In [3] we introduced an adaptive algorithm for computing the intersection of k sorted sets within a factor of at most 8k comparisons of the information-theoretic lower bound under a model that deals with an encoding of the shortest proof of the answer. This adaptive algorithm performs better for "burstier" inputs than a straightforward worst-case optimal method. Indeed, we have shown that, subject to a reasonable measure of instance difficulty, the algorithm adapts optimally up to a constant factor. This paper explores how this algorithm behaves under actual data distributions, compared with standard algorithms. We present experiments for searching 114 megabytes of text from the World Wide Web using 5,000 actual user queries from a commercial search engine. From the experiments, it is observed that the theoretically optimal adaptive algorithm is not always the optimal in practice, given the distribution of WWW text data. We then proceed to study several improvement techniques for the standard algorithms. These techniques combine improvements suggested by the observed distribution of the data as well as the theoretical results from. We perform controlled experiments on these techniques to determine which ones result in improved performance, resulting in an algorithm that outperforms existing algorithms in most cases.

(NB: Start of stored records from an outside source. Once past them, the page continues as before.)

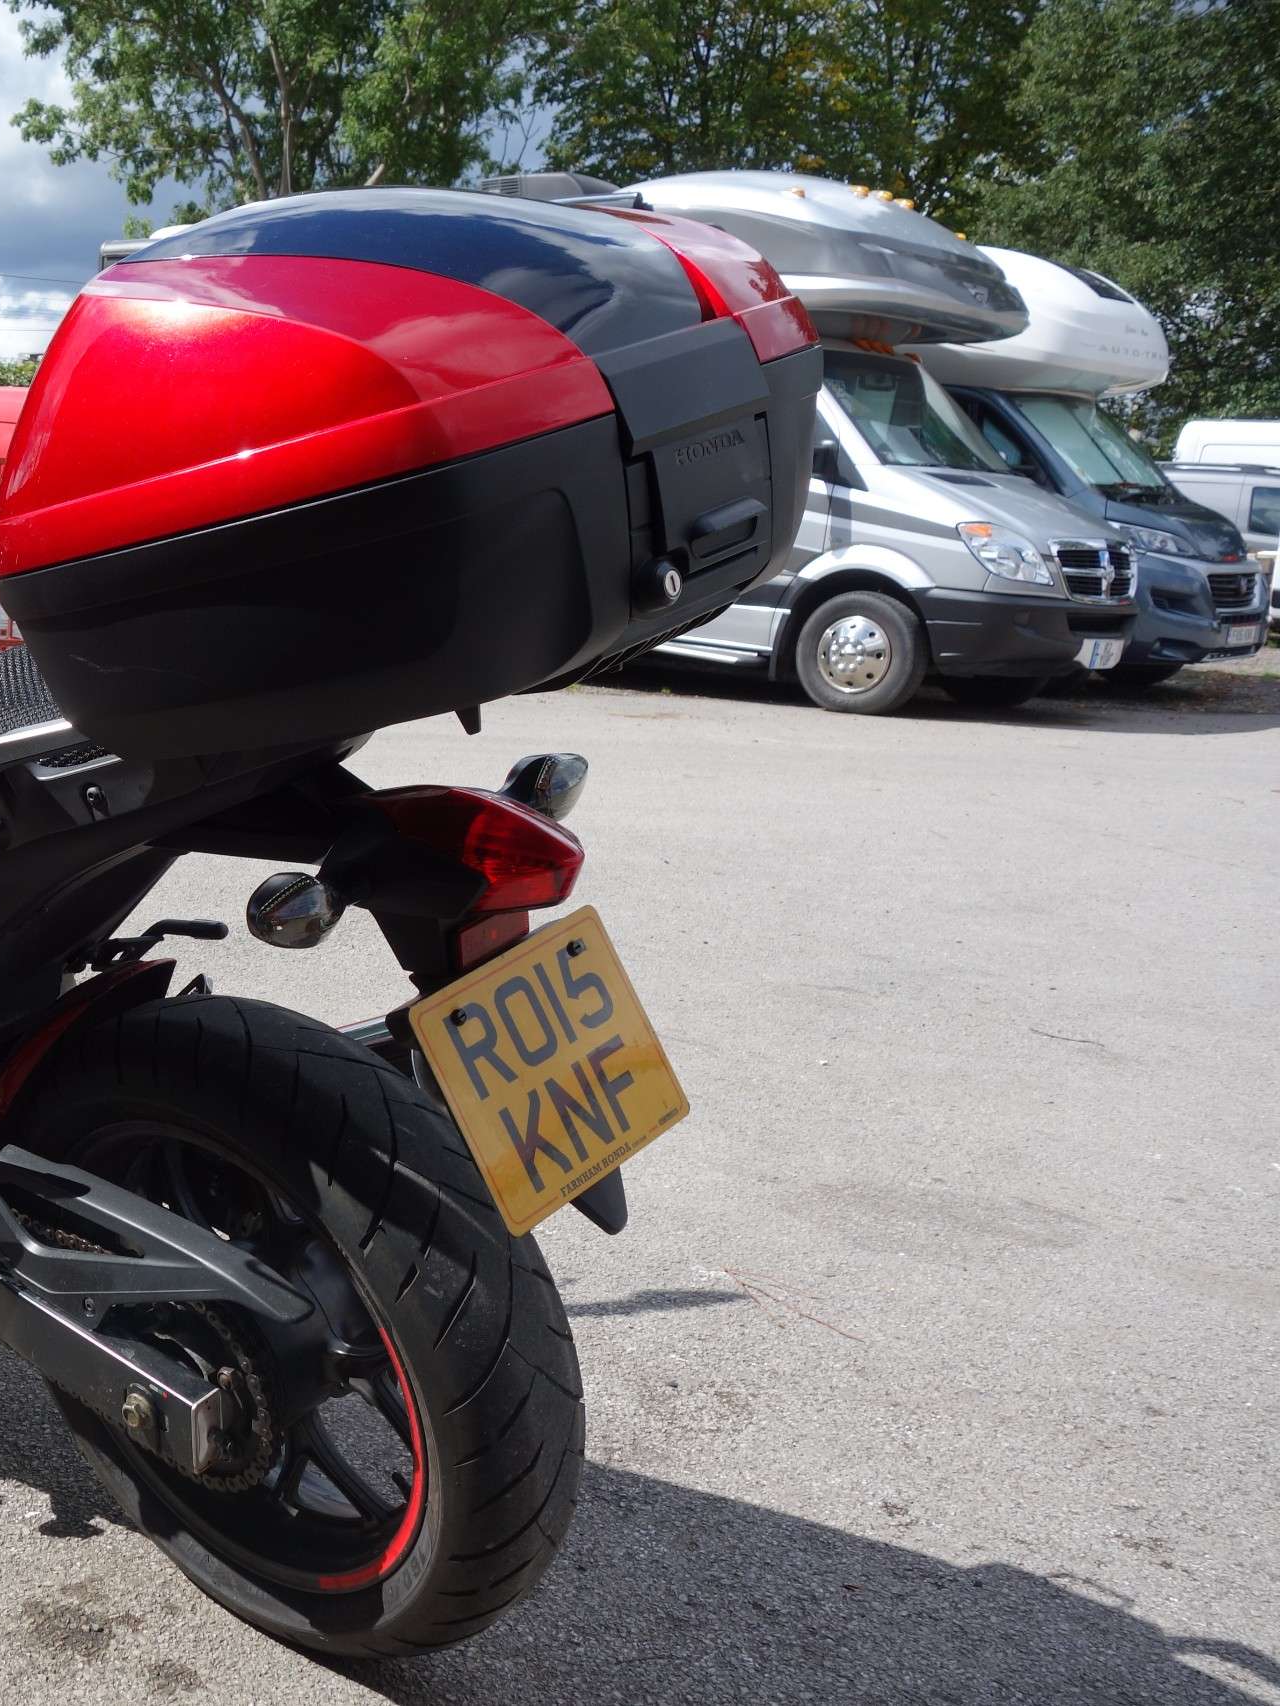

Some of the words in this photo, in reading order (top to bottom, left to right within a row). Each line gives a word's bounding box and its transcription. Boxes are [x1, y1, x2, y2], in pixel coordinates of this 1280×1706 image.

[673, 428, 746, 466] HONDA
[442, 938, 614, 1101] RO15
[498, 1034, 635, 1194] KNF
[560, 1163, 603, 1198] FARNHAM
[601, 1142, 632, 1171] HONDA

机译:在[3]中,我们引入了一种自适应算法,用于在处理最短答案的编码的模型下,计算在信息理论下限的最多8k比较中,k个排序集的交集。与“最坏的情况”最优方法相比,该自适应算法在“突发”输入中的性能更好。确实,我们已经表明,在对实例难度进行合理衡量的前提下,该算法可以最优化地适应恒定因子。与标准算法相比,本文探讨了该算法在实际数据分布下的行为。我们提出了使用来自商业搜索引擎的5,000个实际用户查询从Internet搜索114兆字节文本的实验。从实验中观察到,给定WWW文本数据的分布,理论上最佳的自适应算法在实践中并不总是最佳的。然后,我们继续研究标准算法的几种改进技术。这些技术结合了观察到的数据分布以及从中得出的理论结果所提出的改进。我们对这些技术进行了受控实验,以确定哪些技术可提高性能,从而使该算法在大多数情况下均优于现有算法。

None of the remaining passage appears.